**PROMPT**
The entries below must be transcribed exactly. Leave nothing out.

═════ GIVEN RECORDS

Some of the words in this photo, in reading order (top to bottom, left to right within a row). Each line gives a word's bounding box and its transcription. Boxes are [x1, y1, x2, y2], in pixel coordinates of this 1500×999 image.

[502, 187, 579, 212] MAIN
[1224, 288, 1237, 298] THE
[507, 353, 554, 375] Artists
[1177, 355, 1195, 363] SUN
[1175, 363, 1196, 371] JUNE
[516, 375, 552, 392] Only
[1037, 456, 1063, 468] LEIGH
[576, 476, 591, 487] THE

══════════

**WRITTEN ANSWER**
Some of the words in this photo, in reading order (top to bottom, left to right within a row). Each line gives a word's bounding box and its transcription. Boxes are [x1, y1, x2, y2], in pixel coordinates of this 1500×999 image.

[502, 187, 579, 212] MAIN
[1224, 288, 1237, 298] THE
[507, 353, 554, 375] Artists
[1177, 355, 1195, 363] SUN
[1175, 363, 1196, 371] JUNE
[516, 375, 552, 392] Only
[1037, 456, 1063, 468] LEIGH
[576, 476, 591, 487] THE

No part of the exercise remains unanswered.